Morning in Early March
InuYasha lay there, listening to the sounds of early morning.
Although it was quite early, he often was up about this time of day. The sky was beginning to gray, barely touching the inside of the house where he lay on a futon curled up around his wife, and he could hear early morning birds outside beginning to stir. But he stayed still contentedly, listening to the soft sound of her breathing and enjoying in the warm scent that surrounded them, the scent of that told him how their lives had become so interwoven together.
His amber eyes took in the small body, now larger than she was a year ago when she first returned. Her black hair cascaded over the pillow, and he twisted one lock loosely around his finger. It was fine and black and silky, so different from his silver main. He longed to run his hands over her soft shapes and explore her curves, hugging her closely to once again keep her safe within the circle of his arms, but at the same time, he didn’t want to disturb her. The last few weeks she had not been sleeping well and he was loath to bother her when she actually did.
Instead, he thought about the morning and what he would like to accomplish. The air was still chill, and he knew he would quietly get out from under the covers in a few minutes and go stir up the fire, hoping to get the small house at least a little warmer before she got up. But even though it was still cold, he could feel the spring rising in his blood, and with the early spring would come Sakura time.
She had returned to him near the end of the blossom time, nearly exactly three years after he had left her behind with her family, thinking she would be better in their care, and each year afterwards, watching the trees burst into bloom was a painful reminder of what he had given up to try to make her happy.
But then, she had appeared in the well, and his life had blossomed in ways he never expected. Watching the trees bloom this year was going to be a totally different experience. Instead of the drifting petals falling being the sign of what he had lost, the blossoms, coming to bloom and covering the trees with white and pastel beauty would be a marker of everything he had gained.
Carefully, he backed off of the futon, gently tucking the covers around her so she wouldn’t get cool, and he walked silently over to the fire pit, where he stirred the ashes, to see if there were any coals left to start this morning’s fire.
Ash-covered coals. That’s what his hope had been, something he never really spoke of to his friends, who were just beginning their life together and who were blessedly happy, or to Kaede who believed Kagome was lost to him forever, the Shikon no Tama having been put to rest. But when he saw Sango and Miroku walk together, sharing special smiles and secret touches, and later see them play with their children, he couldn’t deny that the coals of his hope were there, that somehow, in some way, the one thing that could happen to blow those coals back into life would happen.

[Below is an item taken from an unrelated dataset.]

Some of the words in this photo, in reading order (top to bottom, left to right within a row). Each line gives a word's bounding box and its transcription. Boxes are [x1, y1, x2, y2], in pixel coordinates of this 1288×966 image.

Soon, he had a fire going, and the warmth began to spread a little in the small room. The gray of dawn, too, was given way to the light of morning, and the light began to fall on the futon where Kagome slept. She rolled over, an arm cast out as if looking for him and his warmth. Slowly, the light won the battle against sleep, and sighing, she opened her eyes.
“Good morning, InuYasha,” she said, propping herself up on one elbow. Her blue-gray eyes regarded him sitting there nursing the fire, wearing nothing but his hakama. “Aren’t you cold?”

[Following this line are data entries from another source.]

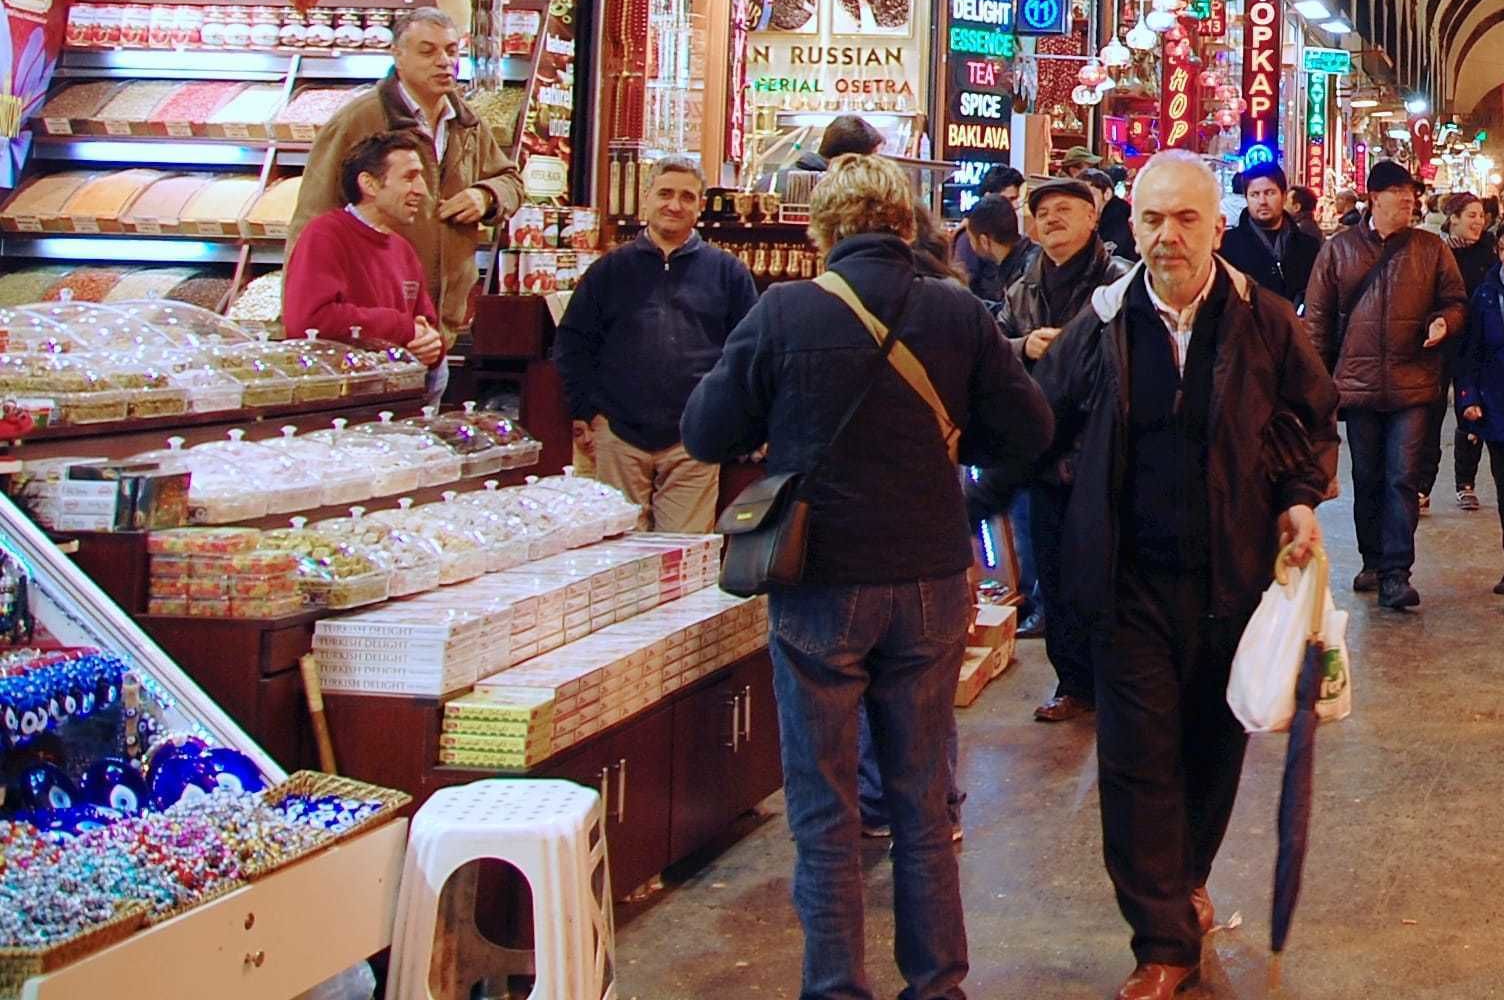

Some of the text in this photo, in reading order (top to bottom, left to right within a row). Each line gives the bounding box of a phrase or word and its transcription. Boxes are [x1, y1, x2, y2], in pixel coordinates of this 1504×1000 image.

[951, 27, 1015, 57] ESSENCE
[790, 45, 904, 67] RUSSIAN
[967, 61, 995, 86] TEA
[835, 77, 913, 97] OSETRA
[1166, 54, 1188, 146] HOP
[960, 92, 1002, 118] SPICE
[948, 123, 1010, 150] BAKLAVA

“Maybe a little,” he said. He put the tea kettle on the iron hook to start heating. “Did you sleep well? I was trying not to wake you up.”
“I was sleeping fine until this little one decided I had slept enough,” she said, placing her free hand over her swollen middle. “I can tell it’s your child. Every bit as much of an early bird as his dad.”
“Keh!” the hanyou snorted. “Definitely didn’t get that from you.”
She laughed a little.“Give me a hand up?” she asked. “He’s dancing on my bladder again.”
He hurried to his wife’s side, and helped ease her up, throwing his fire rat suikan around her shoulder before she ducked out of the house and made her way to the latrine.
He stood outside the door of his house, waiting for her return, and watched the landscape poised between winter and spring. A year ago, he would have never expected life to turn out this way in a million years. Today, he knew it was worth waiting a million years for it to happen. He was just thankful the Kami only made him wait three.